# Work request
Please retype the entries exactly as they stand, leaving out any pictures.
----- Records supplied -----
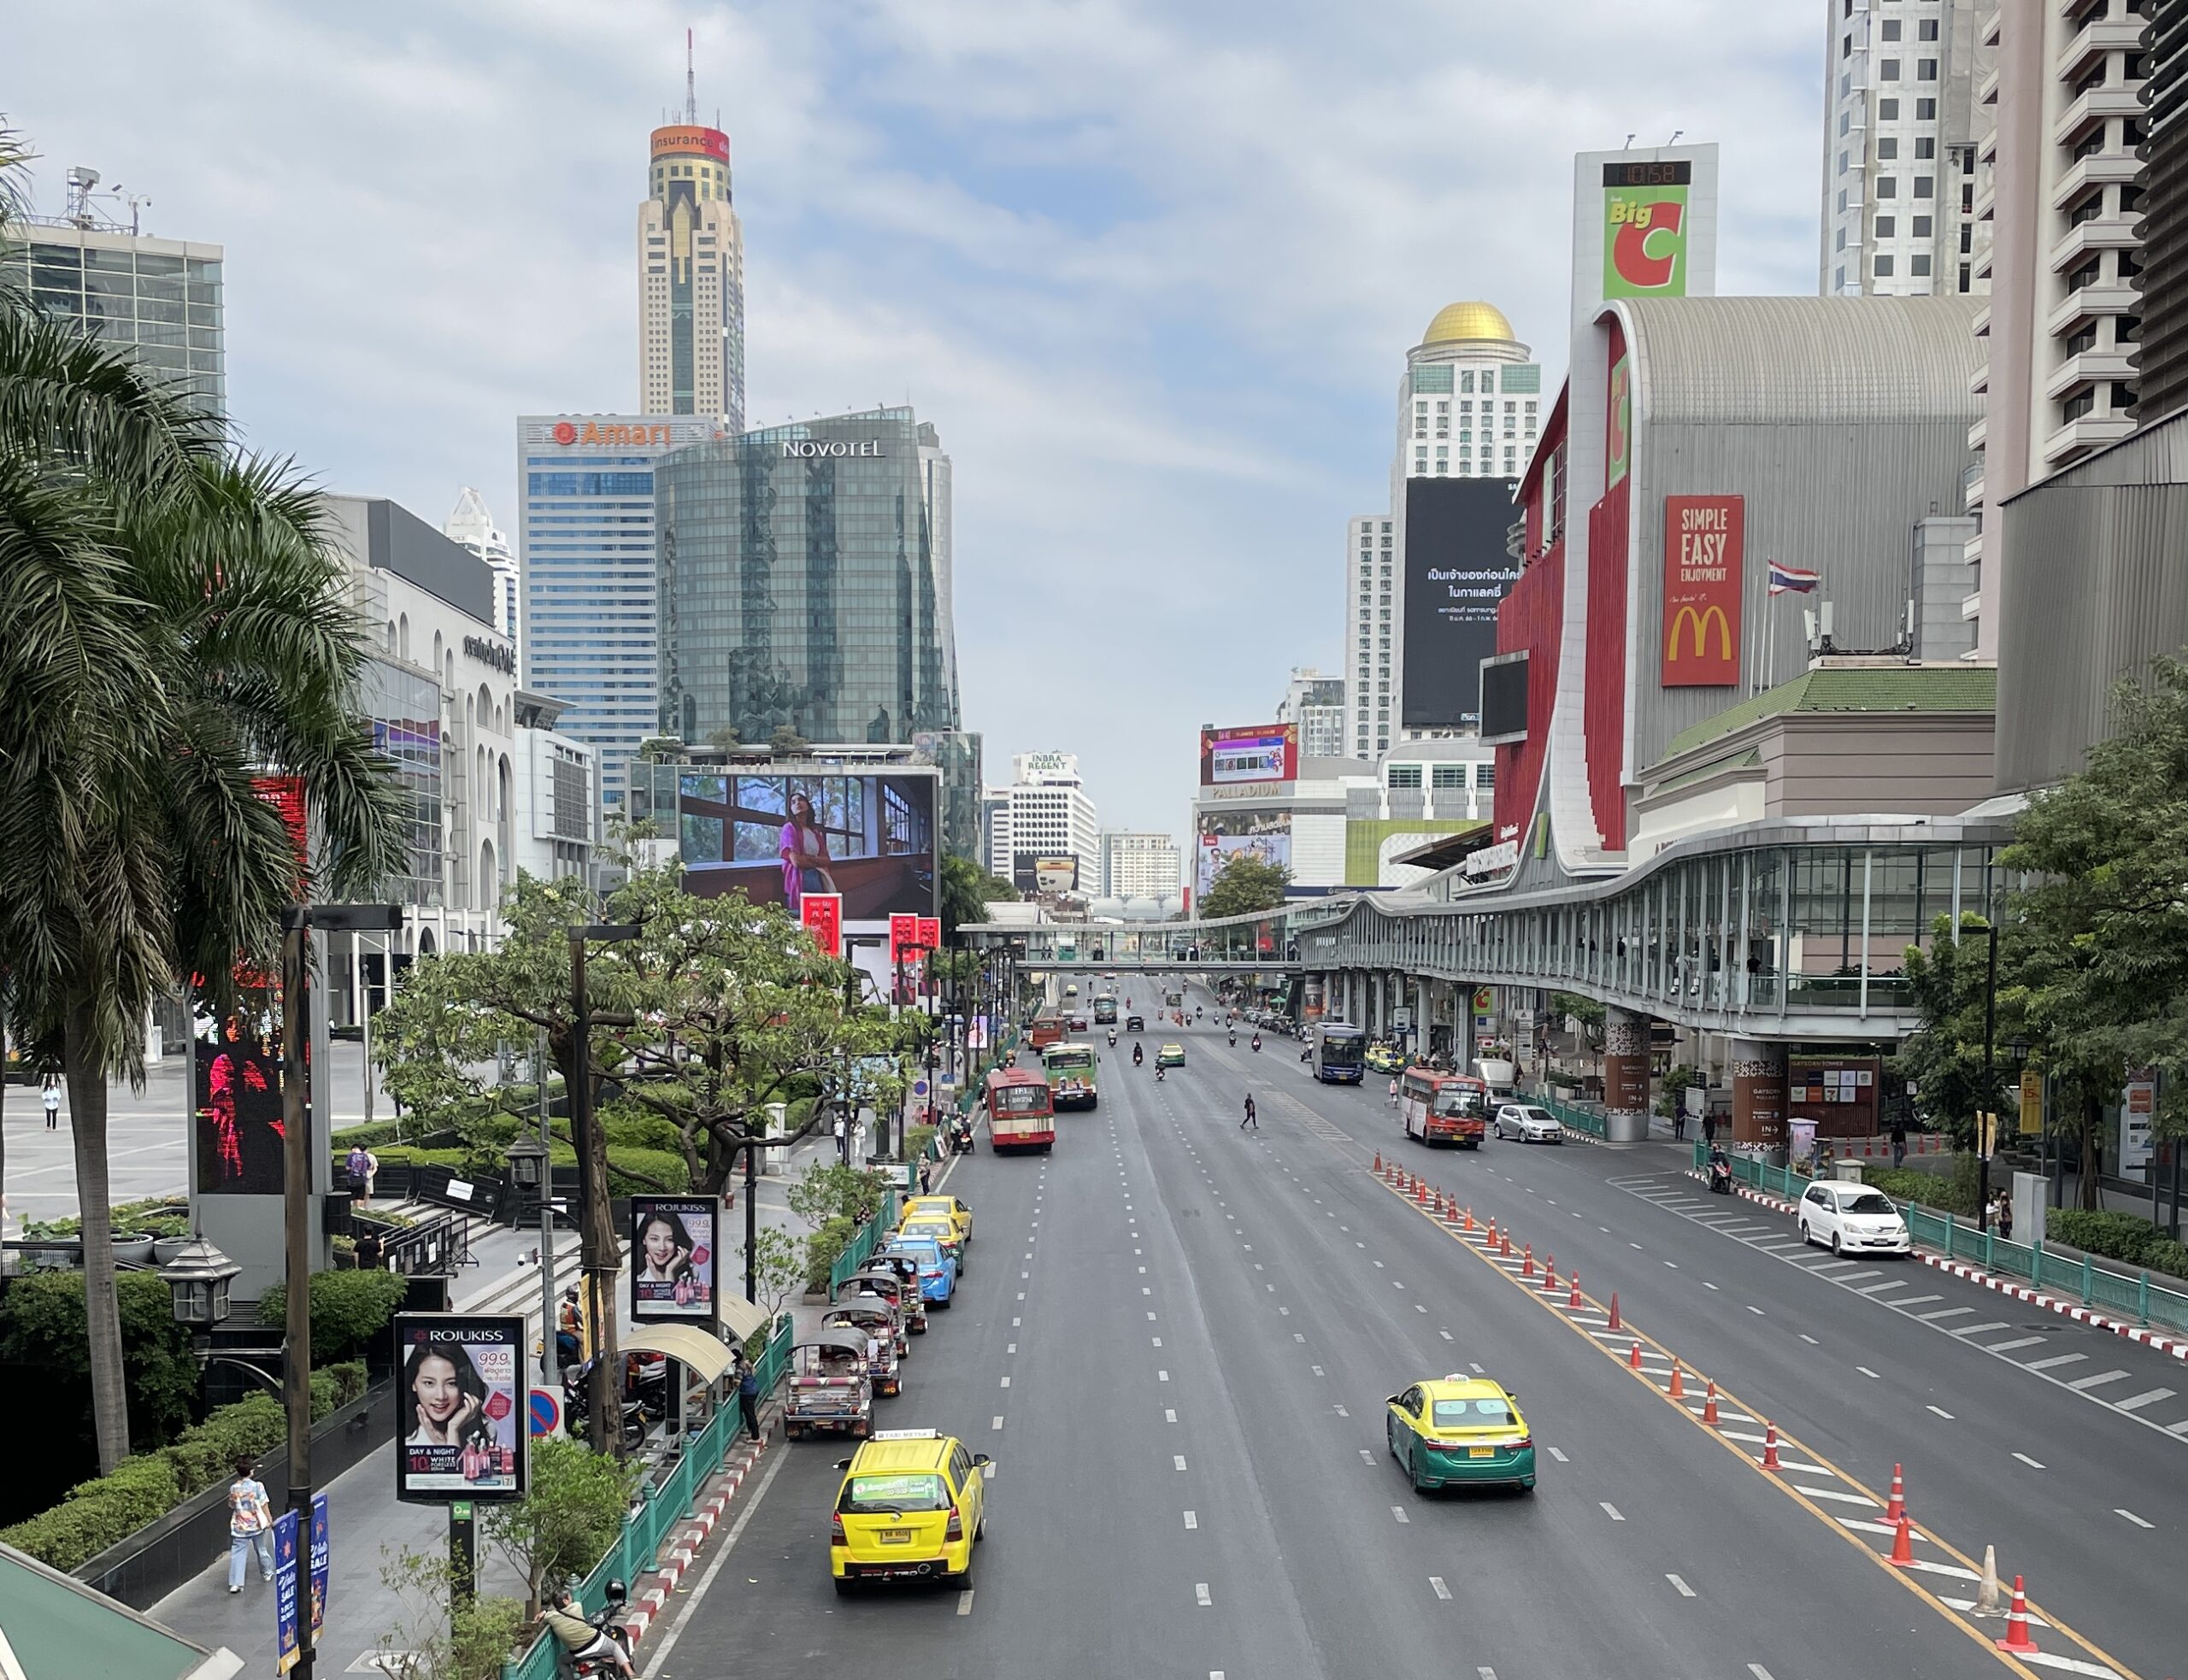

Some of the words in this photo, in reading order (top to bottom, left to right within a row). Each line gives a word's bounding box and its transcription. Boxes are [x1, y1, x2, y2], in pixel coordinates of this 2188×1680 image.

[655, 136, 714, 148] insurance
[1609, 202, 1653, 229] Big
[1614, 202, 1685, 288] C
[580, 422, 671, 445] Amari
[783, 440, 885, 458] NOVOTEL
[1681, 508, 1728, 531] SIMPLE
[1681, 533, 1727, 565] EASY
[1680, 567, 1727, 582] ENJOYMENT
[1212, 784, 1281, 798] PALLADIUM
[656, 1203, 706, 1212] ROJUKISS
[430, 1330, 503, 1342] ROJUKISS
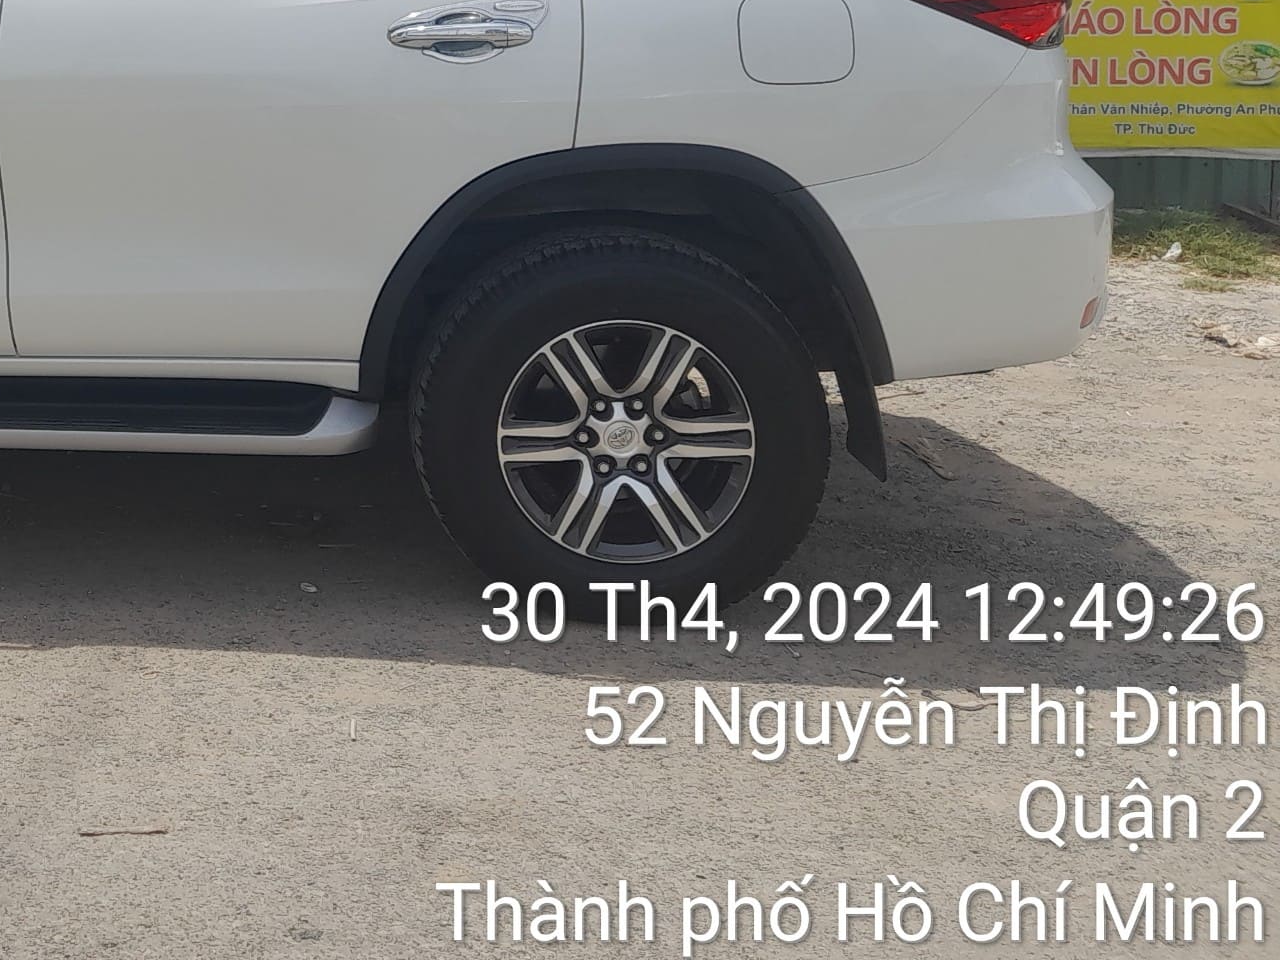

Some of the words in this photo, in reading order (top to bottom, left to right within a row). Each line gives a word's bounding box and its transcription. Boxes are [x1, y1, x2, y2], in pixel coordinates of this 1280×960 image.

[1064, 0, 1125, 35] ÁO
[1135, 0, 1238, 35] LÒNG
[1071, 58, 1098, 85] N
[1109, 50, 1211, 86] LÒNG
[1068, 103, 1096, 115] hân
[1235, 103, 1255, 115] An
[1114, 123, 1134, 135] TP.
-----
# Exercise response
Some of the words in this photo, in reading order (top to bottom, left to right within a row). Each line gives a word's bounding box and its transcription. Boxes are [x1, y1, x2, y2], in pixel coordinates of this 2188×1680 image.

[655, 136, 714, 148] insurance
[1609, 202, 1653, 229] Big
[1614, 202, 1685, 288] C
[580, 422, 671, 445] Amari
[783, 440, 885, 458] NOVOTEL
[1681, 508, 1728, 531] SIMPLE
[1681, 533, 1727, 565] EASY
[1680, 567, 1727, 582] ENJOYMENT
[1212, 784, 1281, 798] PALLADIUM
[656, 1203, 706, 1212] ROJUKISS
[430, 1330, 503, 1342] ROJUKISS

Some of the words in this photo, in reading order (top to bottom, left to right within a row). Each line gives a word's bounding box and its transcription. Boxes are [x1, y1, x2, y2], in pixel coordinates of this 1280×960 image.

[1064, 0, 1125, 35] ÁO
[1135, 0, 1238, 35] LÒNG
[1071, 58, 1098, 85] N
[1109, 50, 1211, 86] LÒNG
[1068, 103, 1096, 115] hân
[1235, 103, 1255, 115] An
[1114, 123, 1134, 135] TP.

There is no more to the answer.